- **To do**
The whole listing is to be returned exactly.

Source material Block Start

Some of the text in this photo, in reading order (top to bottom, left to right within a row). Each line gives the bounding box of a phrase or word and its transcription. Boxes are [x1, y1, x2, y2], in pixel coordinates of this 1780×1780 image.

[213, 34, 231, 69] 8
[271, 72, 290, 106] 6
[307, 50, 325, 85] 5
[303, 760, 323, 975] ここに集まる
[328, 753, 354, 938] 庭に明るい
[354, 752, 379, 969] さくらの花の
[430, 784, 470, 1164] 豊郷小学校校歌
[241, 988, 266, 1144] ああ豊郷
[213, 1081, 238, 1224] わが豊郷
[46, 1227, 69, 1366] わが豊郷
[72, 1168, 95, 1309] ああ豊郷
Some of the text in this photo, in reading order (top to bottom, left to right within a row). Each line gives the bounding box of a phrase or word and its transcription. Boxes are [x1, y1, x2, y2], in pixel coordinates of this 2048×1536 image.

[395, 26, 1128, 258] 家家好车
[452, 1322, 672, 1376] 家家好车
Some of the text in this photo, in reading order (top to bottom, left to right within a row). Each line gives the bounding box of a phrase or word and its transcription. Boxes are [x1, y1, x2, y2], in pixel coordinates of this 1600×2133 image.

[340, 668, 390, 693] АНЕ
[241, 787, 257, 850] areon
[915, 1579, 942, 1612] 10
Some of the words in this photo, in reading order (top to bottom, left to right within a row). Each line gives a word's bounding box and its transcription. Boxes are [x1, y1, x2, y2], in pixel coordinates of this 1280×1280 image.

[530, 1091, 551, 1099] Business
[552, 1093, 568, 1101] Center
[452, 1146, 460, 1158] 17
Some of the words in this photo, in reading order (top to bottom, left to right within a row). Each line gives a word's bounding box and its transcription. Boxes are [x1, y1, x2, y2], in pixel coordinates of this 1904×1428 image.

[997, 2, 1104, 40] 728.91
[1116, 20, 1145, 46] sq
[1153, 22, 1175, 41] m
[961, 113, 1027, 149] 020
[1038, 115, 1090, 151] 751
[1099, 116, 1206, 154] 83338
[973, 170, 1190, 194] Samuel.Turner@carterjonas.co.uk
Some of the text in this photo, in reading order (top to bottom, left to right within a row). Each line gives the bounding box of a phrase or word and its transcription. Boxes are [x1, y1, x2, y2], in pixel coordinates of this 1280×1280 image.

Source material Block End

- **Reply**
Some of the text in this photo, in reading order (top to bottom, left to right within a row). Each line gives the bounding box of a phrase or word and its transcription. Boxes are [x1, y1, x2, y2], in pixel coordinates of this 1780×1780 image.

[213, 34, 231, 69] 8
[271, 72, 290, 106] 6
[307, 50, 325, 85] 5
[303, 760, 323, 975] ここに集まる
[328, 753, 354, 938] 庭に明るい
[354, 752, 379, 969] さくらの花の
[430, 784, 470, 1164] 豊郷小学校校歌
[241, 988, 266, 1144] ああ豊郷
[213, 1081, 238, 1224] わが豊郷
[46, 1227, 69, 1366] わが豊郷
[72, 1168, 95, 1309] ああ豊郷
Some of the text in this photo, in reading order (top to bottom, left to right within a row). Each line gives the bounding box of a phrase or word and its transcription. Boxes are [x1, y1, x2, y2], in pixel coordinates of this 2048×1536 image.

[395, 26, 1128, 258] 家家好车
[452, 1322, 672, 1376] 家家好车
Some of the text in this photo, in reading order (top to bottom, left to right within a row). Each line gives the bounding box of a phrase or word and its transcription. Boxes are [x1, y1, x2, y2], in pixel coordinates of this 1600×2133 image.

[340, 668, 390, 693] АНЕ
[241, 787, 257, 850] areon
[915, 1579, 942, 1612] 10
Some of the words in this photo, in reading order (top to bottom, left to right within a row). Each line gives a word's bounding box and its transcription. Boxes are [x1, y1, x2, y2], in pixel coordinates of this 1280×1280 image.

[530, 1091, 551, 1099] Business
[552, 1093, 568, 1101] Center
[452, 1146, 460, 1158] 17
Some of the words in this photo, in reading order (top to bottom, left to right within a row). Each line gives a word's bounding box and its transcription. Boxes are [x1, y1, x2, y2], in pixel coordinates of this 1904×1428 image.

[997, 2, 1104, 40] 728.91
[1116, 20, 1145, 46] sq
[1153, 22, 1175, 41] m
[961, 113, 1027, 149] 020
[1038, 115, 1090, 151] 751
[1099, 116, 1206, 154] 83338
[973, 170, 1190, 194] Samuel.Turner@carterjonas.co.uk
Some of the text in this photo, in reading order (top to bottom, left to right within a row). Each line gives the bounding box of a phrase or word and its transcription. Boxes are [x1, y1, x2, y2], in pixel coordinates of this 1280×1280 image.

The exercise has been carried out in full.